Ferdinand Schmidt, Ex-Lauda-Air-Vorstand und bei der ÖBB für Personen- und Güterverkehr zuständig, wird als einer von zwei Vorständen im Personenverkehr gehandelt. Neben ihm soll ein Bus-Fachmann mit ÖVP-Rückendeckung Platz nehmen: Josef Halbmayr, im Mai vorzeitig ausgeschiedener Vertriebsvorstand der Post, zuvor Postbus. In der neuen ÖBB-Güterverkehr-AG will man auf bewährte Eisenbahner setzten: Gute Chancen haben Wolfgang Scharinger, Leiter des ÖBB-Güterverkehrs in Linz, und Gustav Poschalko, Generaldirektor der bahneigenen Speditionsholding AG.

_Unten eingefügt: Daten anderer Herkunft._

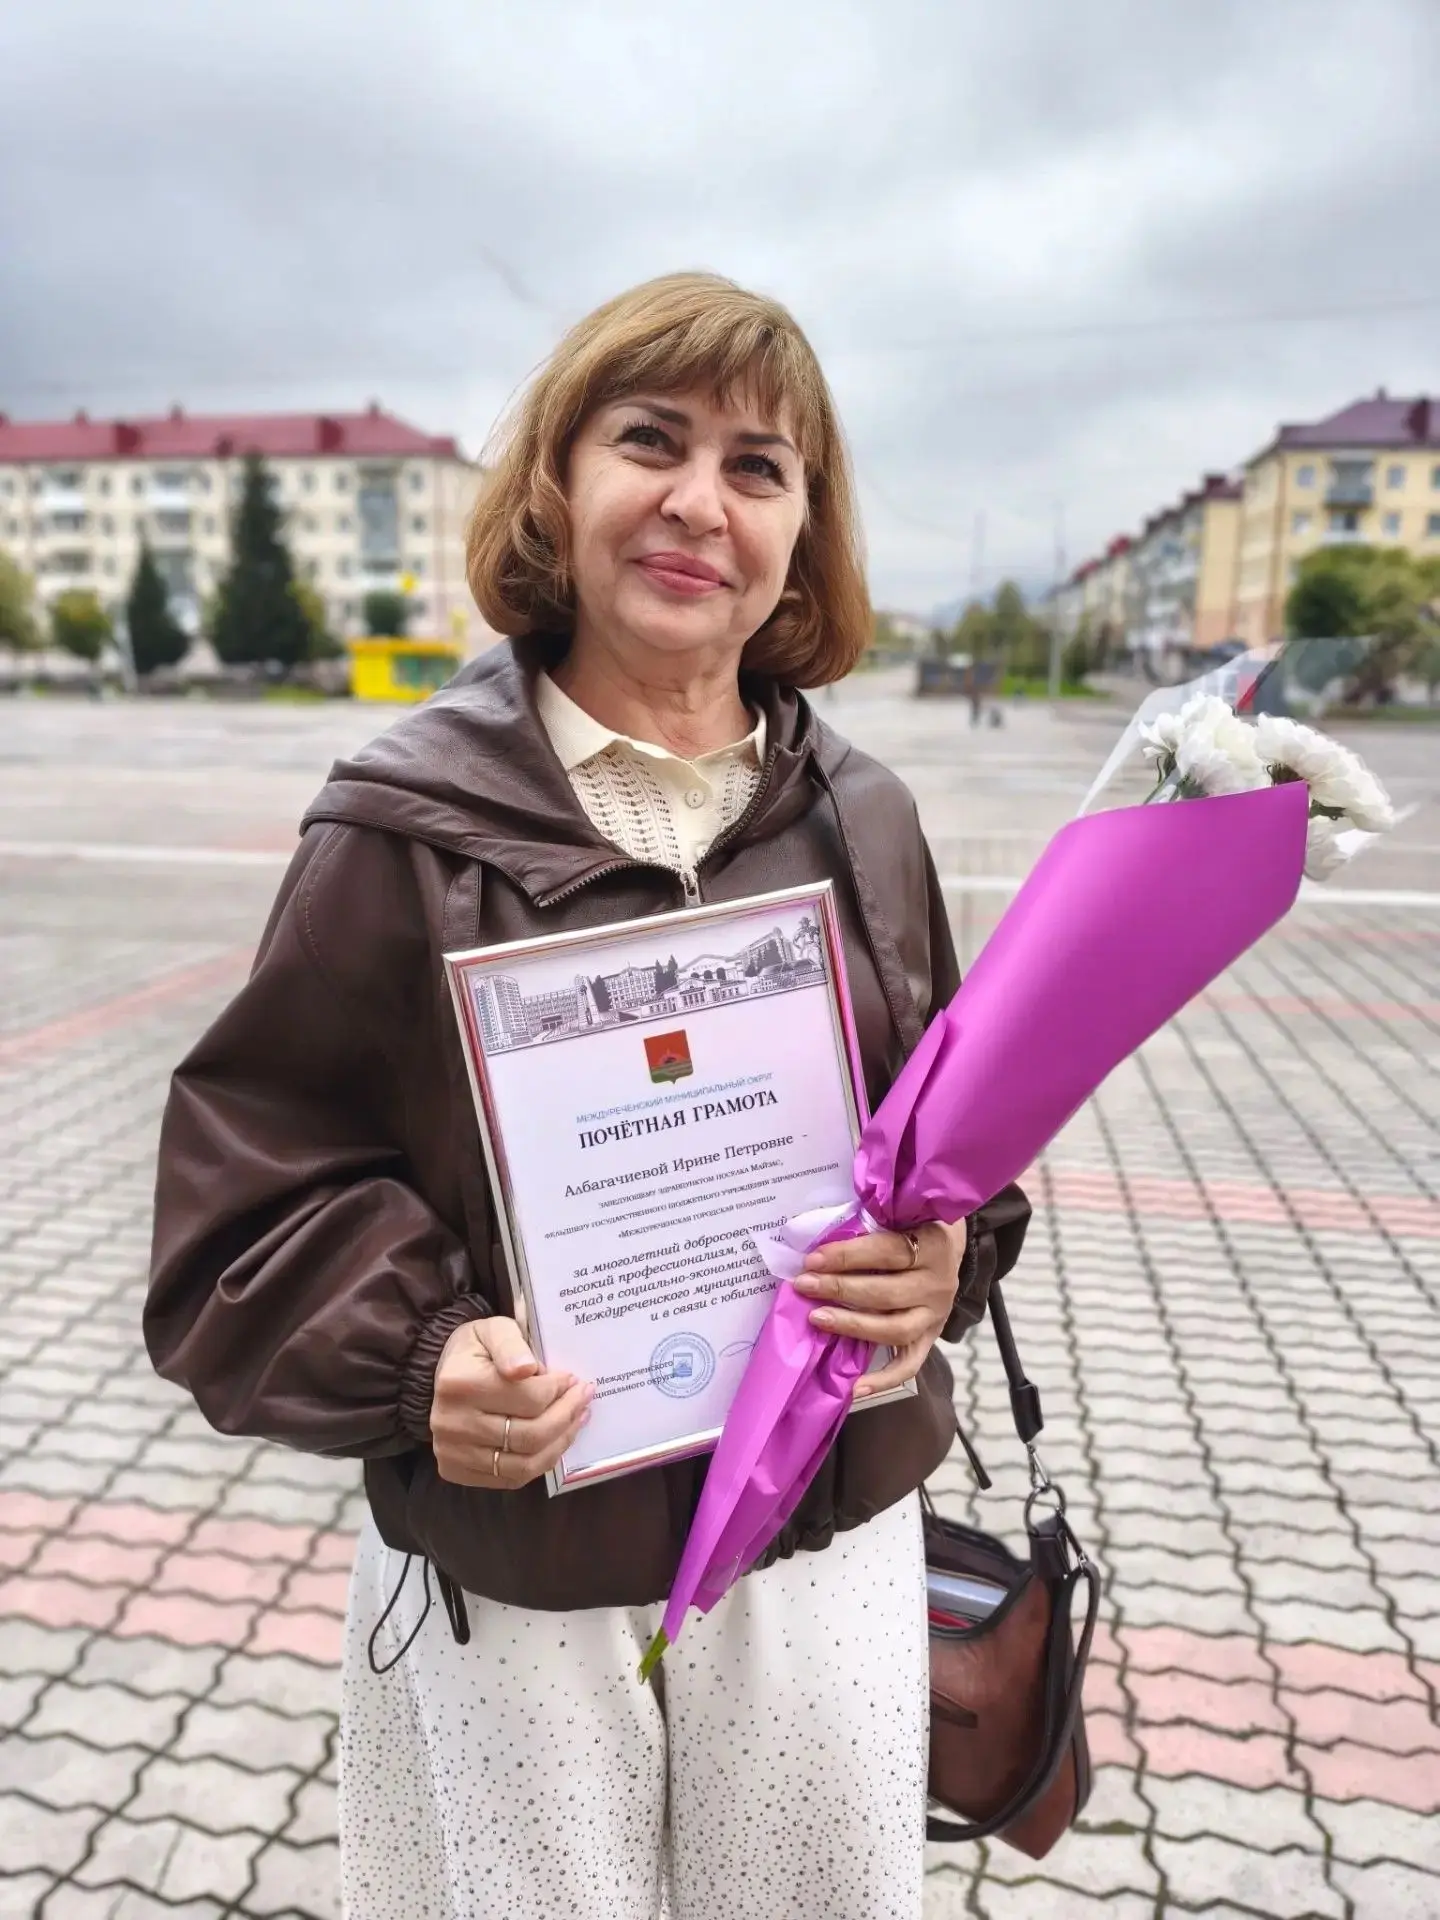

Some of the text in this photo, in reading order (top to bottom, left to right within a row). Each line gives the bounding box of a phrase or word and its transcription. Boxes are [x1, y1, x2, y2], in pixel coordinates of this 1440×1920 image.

[576, 1072, 773, 1124] МЕЖДУРЕЧЕНСКИЙ МУНИЦИПАЛЬНЫЙ ОКРУГ
[578, 1089, 779, 1149] ПОЧЁТНАЯ ГРАМОТА
[564, 1163, 669, 1198] Албагачиевой
[673, 1152, 721, 1173] Ирине
[724, 1135, 794, 1160] Петровне
[559, 1247, 738, 1298] высокий профессионализм,
[564, 1254, 763, 1313] вклад в социально-экономичес
[573, 1267, 589, 1279] за
[592, 1242, 681, 1274] многолетний
[574, 1268, 773, 1326] Междуреченского муниципаль
[651, 1281, 778, 1322] и в связи с юбилеем
[596, 1359, 674, 1387] Междуреченского

Bau AG fest in blauer Hand

Fest in blauer Hand bleibt die Infrastruktur Bau AG, wie die HL-AG nach der Verschmelzung mit der Bahn heißen soll: Josef Moser (Ex-FPÖ-Klubdirektor) und Gilbert Trattner (Ex-FPÖ-Bundesgeschäftsführer). Möglicherweise könnte künftig sogar ein Vierervorstand bauen, zusätzlich mit Thomas Türinger (ÖBB-Planung & Engineering) und Georg Vavrovsky, Tunnelexperte der HL-AG.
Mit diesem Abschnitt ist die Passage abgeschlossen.